TRENTON – The mayor of the state’s second largest city championed the economic opportunity bill before a Senate panel Thursday as crucial to the municipality as well as the state. The bill passed.
Jersey City Mayor Steve Fulop, seen as a rising Democratic Party star and possible gubernatorial candidate in the future, said the Economic Opportunity Act II – which seeks to restore elements left out of the first bill – would help increase jobs and improve the economy in his waterfront town.
In particular, Fulop said the element of the bill that would hold great potential for his town is the film production tax credit.
He told the Senate Economic Growth Committee today that New York City production companies have already contacted his city about relocating, but absent the tax credits of this bill, Jersey City can’t compete with the Big Apple.
NYC has a 30 percent credit, he said, while New Jersey currently has no such credit to offer.
Average salary for some of these highly skilled jobs is $84,000, double some average salaries in Jersey City, Fulop said.
“Committee timing for this measure could not be better,’’ since such companies are looking at East Coast locations. “It allows us to tap the most amazing thing about our city: Diversity.”
And Kelly O’Brien of the Newark office of film and television said New Jersey loses out on shows set in the state such as “Boardwalk Empire’’ because of the lack of such tax incentives.
“This is giving away ice in the winter time, these are revenues that aren’t coming here without’’ the tax incentives of this bill, said sponsor and committee Chair Sen.

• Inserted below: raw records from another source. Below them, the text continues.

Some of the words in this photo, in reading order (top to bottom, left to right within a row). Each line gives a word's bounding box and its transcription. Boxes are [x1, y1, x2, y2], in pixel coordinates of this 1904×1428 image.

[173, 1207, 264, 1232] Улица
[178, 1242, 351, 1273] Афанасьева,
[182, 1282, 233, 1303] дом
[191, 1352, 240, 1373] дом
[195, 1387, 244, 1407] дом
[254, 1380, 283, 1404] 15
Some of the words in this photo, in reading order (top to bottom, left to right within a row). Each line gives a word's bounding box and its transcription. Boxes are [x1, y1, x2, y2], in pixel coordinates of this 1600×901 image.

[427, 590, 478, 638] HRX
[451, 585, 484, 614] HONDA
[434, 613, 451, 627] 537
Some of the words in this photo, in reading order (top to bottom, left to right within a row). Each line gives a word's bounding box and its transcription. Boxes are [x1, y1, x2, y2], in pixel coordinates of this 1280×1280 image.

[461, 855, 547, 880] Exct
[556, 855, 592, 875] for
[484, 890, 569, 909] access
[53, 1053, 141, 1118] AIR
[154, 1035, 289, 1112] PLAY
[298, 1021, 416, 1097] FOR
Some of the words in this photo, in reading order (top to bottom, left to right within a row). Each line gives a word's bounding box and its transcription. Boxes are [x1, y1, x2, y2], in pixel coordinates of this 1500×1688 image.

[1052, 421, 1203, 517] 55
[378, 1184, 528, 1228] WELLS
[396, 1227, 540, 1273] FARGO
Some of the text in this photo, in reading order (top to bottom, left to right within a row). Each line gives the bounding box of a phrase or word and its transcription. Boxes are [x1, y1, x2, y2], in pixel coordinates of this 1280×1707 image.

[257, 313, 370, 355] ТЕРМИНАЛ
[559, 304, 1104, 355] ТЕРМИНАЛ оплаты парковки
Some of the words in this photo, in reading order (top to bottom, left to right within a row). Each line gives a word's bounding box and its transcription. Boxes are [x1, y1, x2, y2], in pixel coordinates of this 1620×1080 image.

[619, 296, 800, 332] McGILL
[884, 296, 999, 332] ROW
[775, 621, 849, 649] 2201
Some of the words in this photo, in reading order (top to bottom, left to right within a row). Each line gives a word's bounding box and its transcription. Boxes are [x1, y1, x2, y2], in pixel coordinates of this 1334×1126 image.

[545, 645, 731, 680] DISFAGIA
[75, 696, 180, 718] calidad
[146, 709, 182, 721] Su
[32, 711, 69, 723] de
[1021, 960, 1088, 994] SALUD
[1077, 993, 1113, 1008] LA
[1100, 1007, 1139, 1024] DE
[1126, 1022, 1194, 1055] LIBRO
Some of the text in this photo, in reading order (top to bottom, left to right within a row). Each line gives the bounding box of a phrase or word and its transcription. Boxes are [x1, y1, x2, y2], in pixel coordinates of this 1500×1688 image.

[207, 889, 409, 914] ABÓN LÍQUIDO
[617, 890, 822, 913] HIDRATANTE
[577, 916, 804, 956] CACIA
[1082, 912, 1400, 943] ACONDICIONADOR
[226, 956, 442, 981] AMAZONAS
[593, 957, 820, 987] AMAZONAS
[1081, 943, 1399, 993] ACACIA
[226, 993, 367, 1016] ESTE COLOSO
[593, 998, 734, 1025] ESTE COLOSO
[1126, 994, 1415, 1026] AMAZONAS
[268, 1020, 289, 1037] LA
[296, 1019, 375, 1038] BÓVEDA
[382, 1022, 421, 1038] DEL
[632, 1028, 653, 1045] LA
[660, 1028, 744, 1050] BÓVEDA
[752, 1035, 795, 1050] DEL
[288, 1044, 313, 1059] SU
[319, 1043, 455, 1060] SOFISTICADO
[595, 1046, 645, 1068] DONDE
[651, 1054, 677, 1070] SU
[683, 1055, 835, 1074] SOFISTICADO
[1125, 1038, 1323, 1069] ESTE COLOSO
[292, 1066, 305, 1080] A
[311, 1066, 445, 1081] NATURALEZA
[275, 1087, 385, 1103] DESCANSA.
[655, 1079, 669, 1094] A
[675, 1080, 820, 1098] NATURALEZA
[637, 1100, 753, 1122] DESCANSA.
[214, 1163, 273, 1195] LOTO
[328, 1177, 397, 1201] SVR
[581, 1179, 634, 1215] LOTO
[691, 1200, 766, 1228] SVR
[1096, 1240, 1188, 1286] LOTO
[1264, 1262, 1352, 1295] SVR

Ray Lesniak.
Business groups and bankers associations were in favor of the bill as well.
The bill did have opponents. Darryl Iwicki of Americans for Prosperity criticized it.
“We have a long history of being opposed to subsidies,’’ he said, whatever the reason. “We already passed the first version of this. These are Band-Aids” that he called corporate welfare.
He said the way to improve the business climate overall is to reduce tax burdens for all.
But Lesniak retorted that “the most important social justice is jobs,’’ and the tax incentives are essential for a high-cost-of-living state such as New Jersey.
Regarding the film industry provision, the bill would increase the annual program cap for the film production tax credit from $10 million to $50 million and for the digital media production tax credit from $5 million to $10 million.
The bill would provides for a tax credit equal to 22 percent, instead of the current 20 percent, of eligible production expenses if they represent purchases of goods from businesses located in what are known as Urban Enterprise Zones.
Lesniak, (D-20), Elizabeth, has long protested what he saw as important omissions and deletions in the bill, A3680, and said months ago he would seek to have them revived.
The bill, a voluminous work that saw numerous amendments and a conditional veto before final passage, essentially whittled state tax-incentive programs for business and jobs growth down to two: the Economic Redevelopment and Growth Grant and the Grow NJ Assistance, the first being a redevelopment aid to close financing gaps and build infrastructure, the second being a major business attraction and jobs retention effort.
But Lesniak championed numerous aspects left by the side of the road during the negotiations and political machinations.
In addition to the film tax credit section, he wants to see passed several items:
*Repurposing of disused hospital properties
*Using $200 million in tax credits for redevelopment of low-income or special needs housing;
*Authorizing an exception to the 20 percent affordable housing set-aside requirement for qualified residential projects.
The bill still has to go before the Budget Committee.